> **Instructions for the task**: An exact copy of the data is needed, one that excludes all pictures.

*** Source data ***

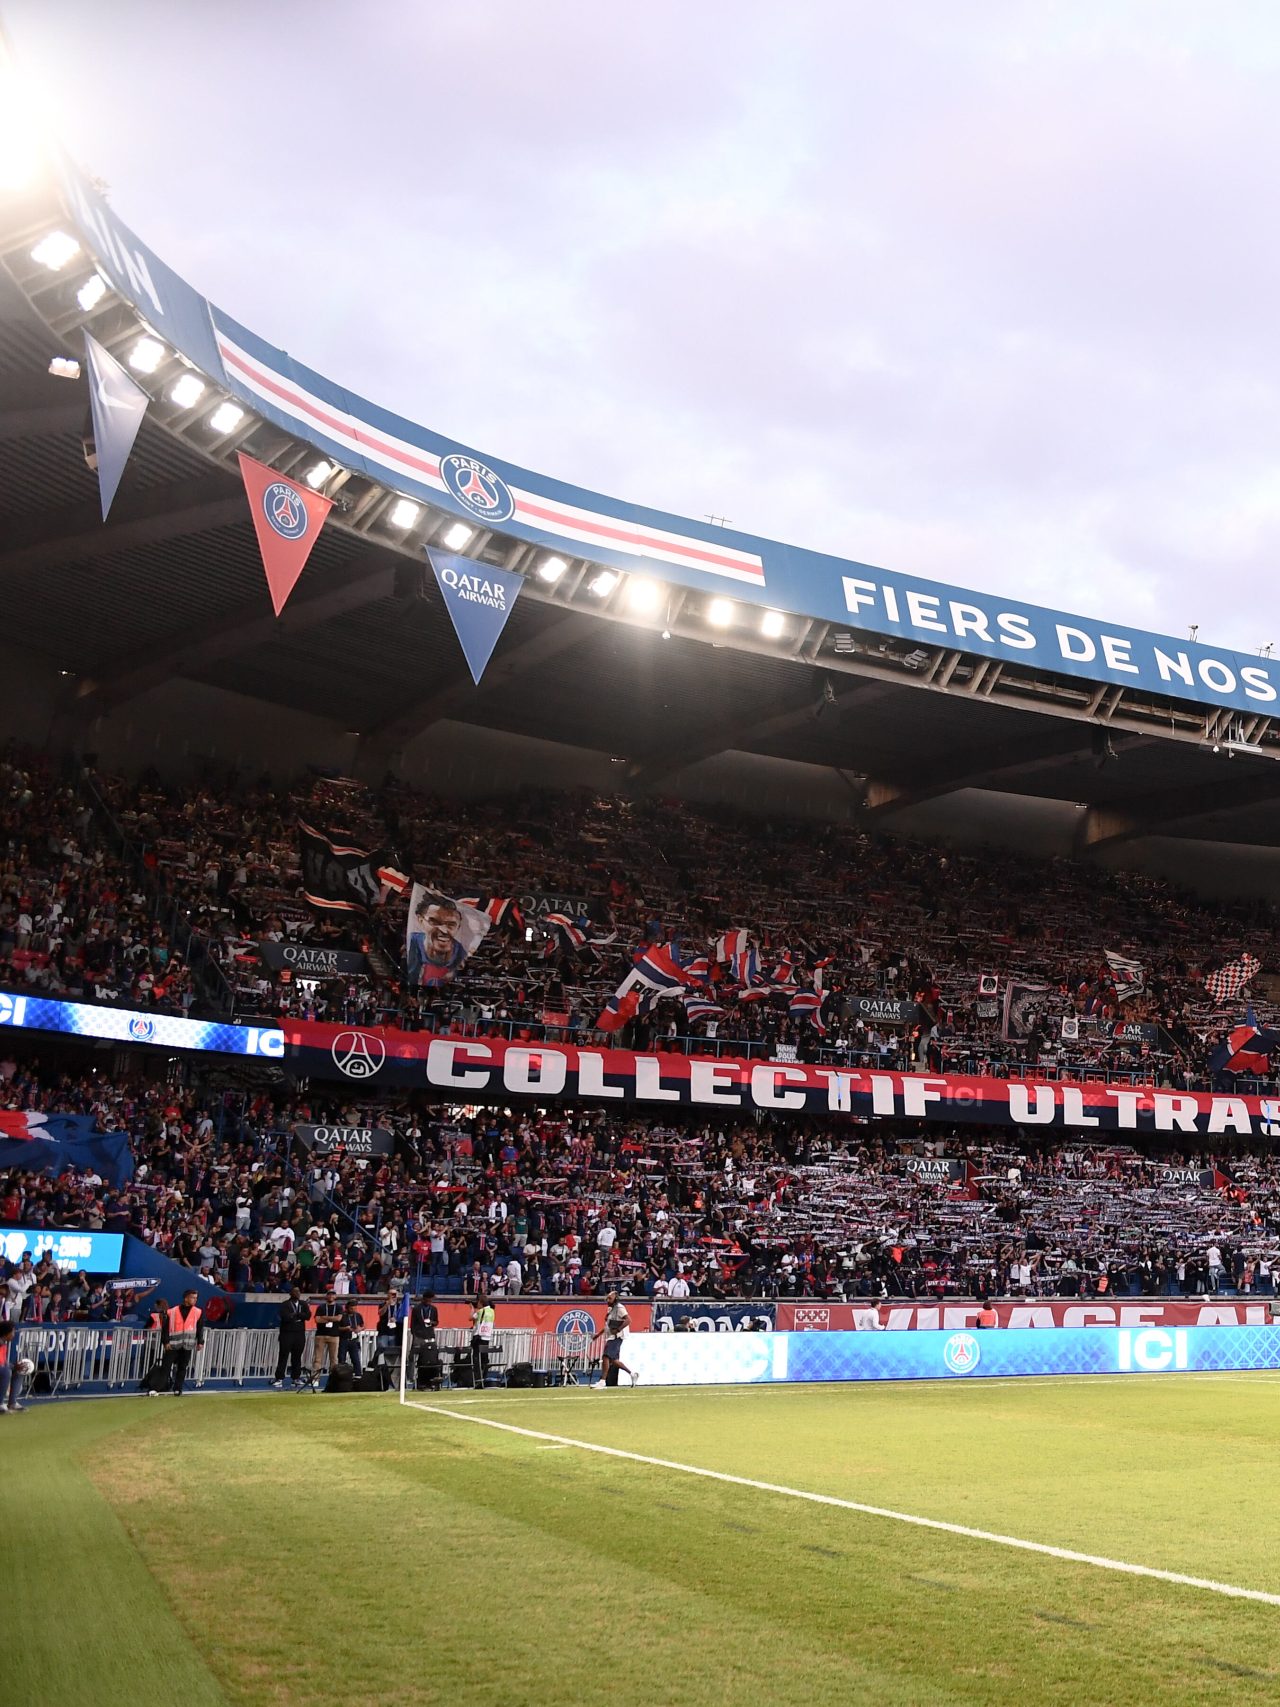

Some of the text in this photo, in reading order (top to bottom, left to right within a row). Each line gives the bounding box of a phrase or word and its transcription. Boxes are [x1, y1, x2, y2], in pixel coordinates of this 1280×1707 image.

[450, 457, 498, 485] PARIS
[272, 486, 301, 506] PARIS
[441, 568, 506, 601] QATAR
[458, 588, 506, 611] AIRWAYS
[841, 575, 1037, 650] FIERS
[1055, 623, 1139, 674] DE
[1153, 645, 1277, 702] NOS
[519, 895, 589, 916] QATAR
[283, 947, 338, 966] QATAR
[860, 999, 901, 1013] QATAR
[870, 1011, 901, 1020] AIRWAYS
[426, 1038, 948, 1117] COLLECTIF
[314, 1127, 372, 1144] QATAR
[906, 1160, 950, 1173] QATAR
[1163, 1170, 1201, 1181] QATAR
[563, 1312, 590, 1323] PARIS
[1118, 1330, 1188, 1370] ICI

*** End of Source data ***

> **Worked solution**:
Some of the text in this photo, in reading order (top to bottom, left to right within a row). Each line gives the bounding box of a phrase or word and its transcription. Boxes are [x1, y1, x2, y2], in pixel coordinates of this 1280×1707 image.

[450, 457, 498, 485] PARIS
[272, 486, 301, 506] PARIS
[441, 568, 506, 601] QATAR
[458, 588, 506, 611] AIRWAYS
[841, 575, 1037, 650] FIERS
[1055, 623, 1139, 674] DE
[1153, 645, 1277, 702] NOS
[519, 895, 589, 916] QATAR
[283, 947, 338, 966] QATAR
[860, 999, 901, 1013] QATAR
[870, 1011, 901, 1020] AIRWAYS
[426, 1038, 948, 1117] COLLECTIF
[314, 1127, 372, 1144] QATAR
[906, 1160, 950, 1173] QATAR
[1163, 1170, 1201, 1181] QATAR
[563, 1312, 590, 1323] PARIS
[1118, 1330, 1188, 1370] ICI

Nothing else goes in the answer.